WORK REQUIRED »
Once the images are set aside, print the remaining lines below exactly.

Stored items
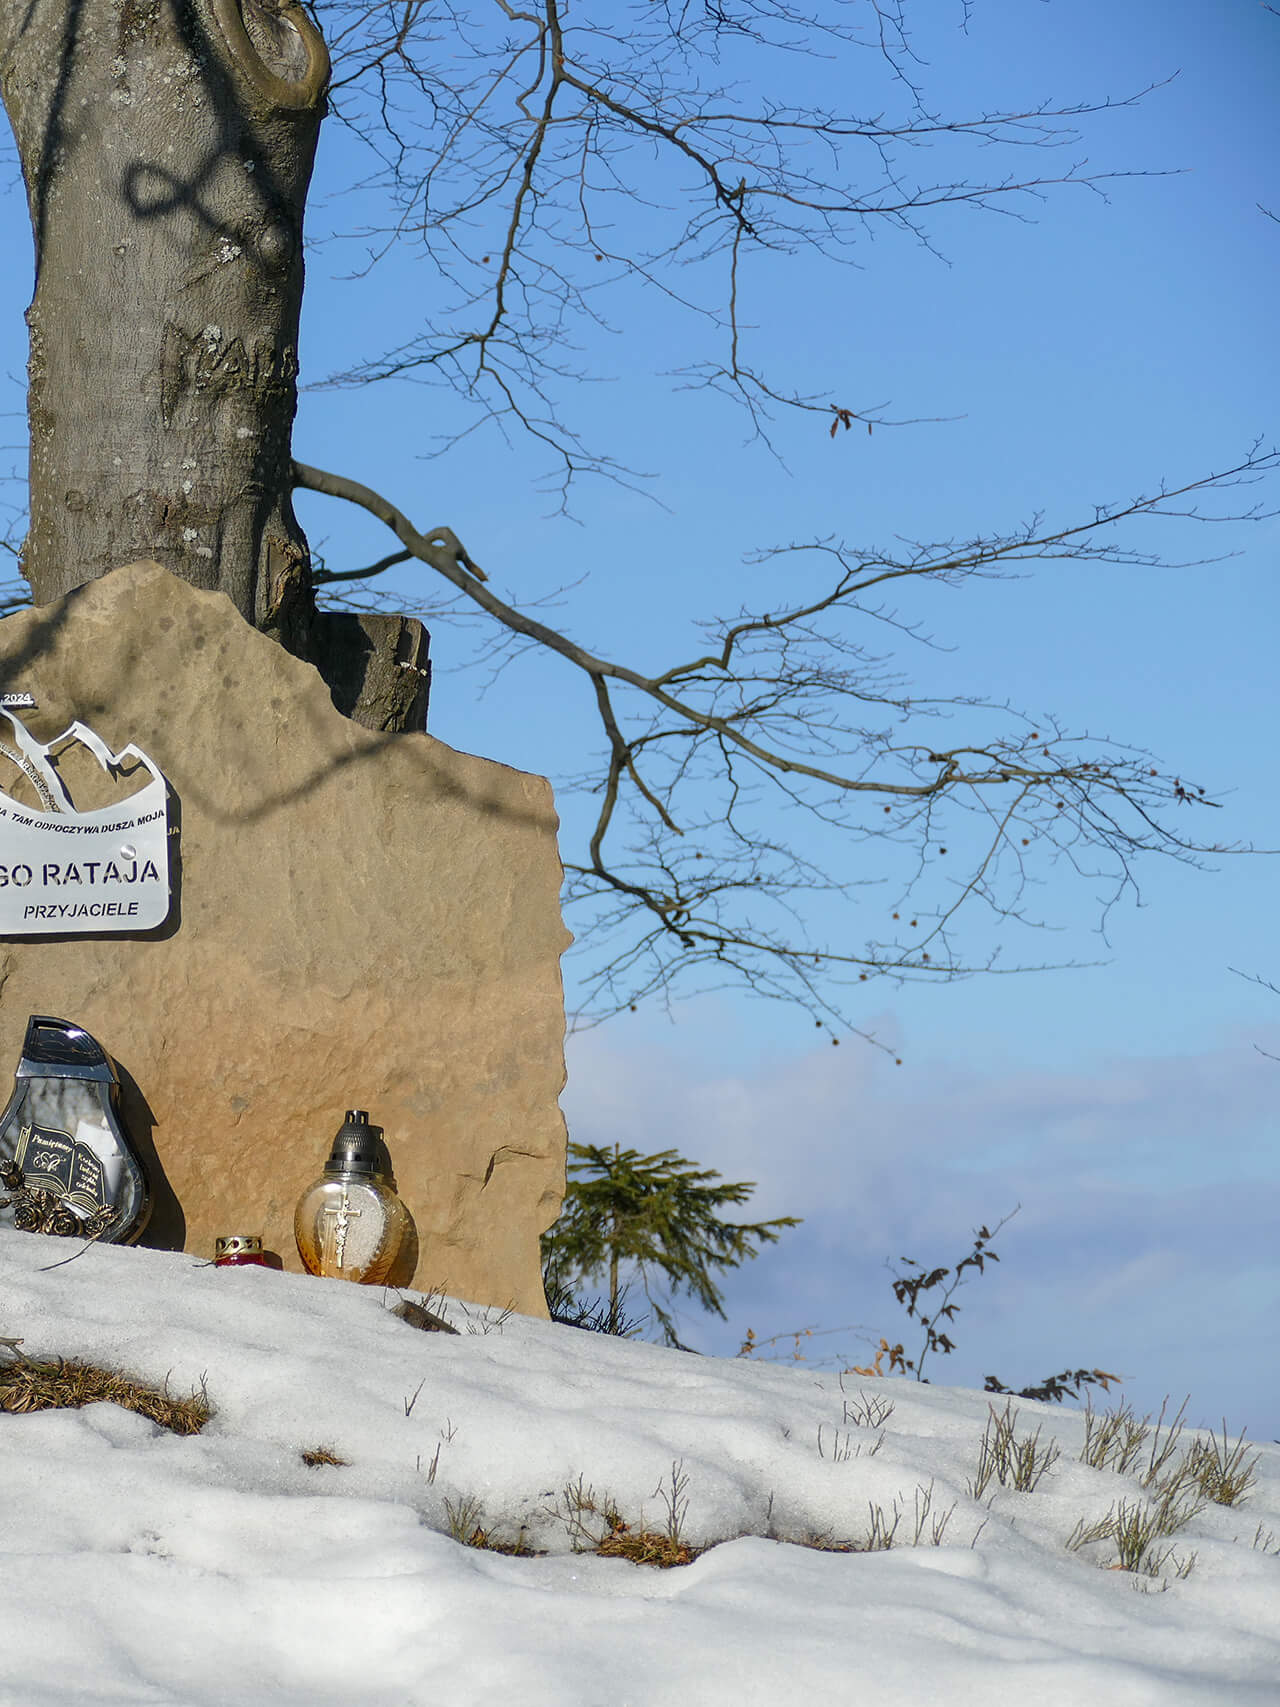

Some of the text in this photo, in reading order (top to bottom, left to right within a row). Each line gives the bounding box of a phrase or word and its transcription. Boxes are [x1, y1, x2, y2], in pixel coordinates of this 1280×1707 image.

[11, 813, 34, 826] TAM
[34, 820, 100, 834] ODPOCZYWA
[101, 820, 135, 833] DUSZA
[137, 809, 165, 826] MOJA
[42, 859, 160, 888] RATAJA
[23, 902, 139, 920] PRZYJACIELE

ANSWER FOR THE TASK »
Some of the text in this photo, in reading order (top to bottom, left to right within a row). Each line gives the bounding box of a phrase or word and its transcription. Boxes are [x1, y1, x2, y2], in pixel coordinates of this 1280×1707 image.

[11, 813, 34, 826] TAM
[34, 820, 100, 834] ODPOCZYWA
[101, 820, 135, 833] DUSZA
[137, 809, 165, 826] MOJA
[42, 859, 160, 888] RATAJA
[23, 902, 139, 920] PRZYJACIELE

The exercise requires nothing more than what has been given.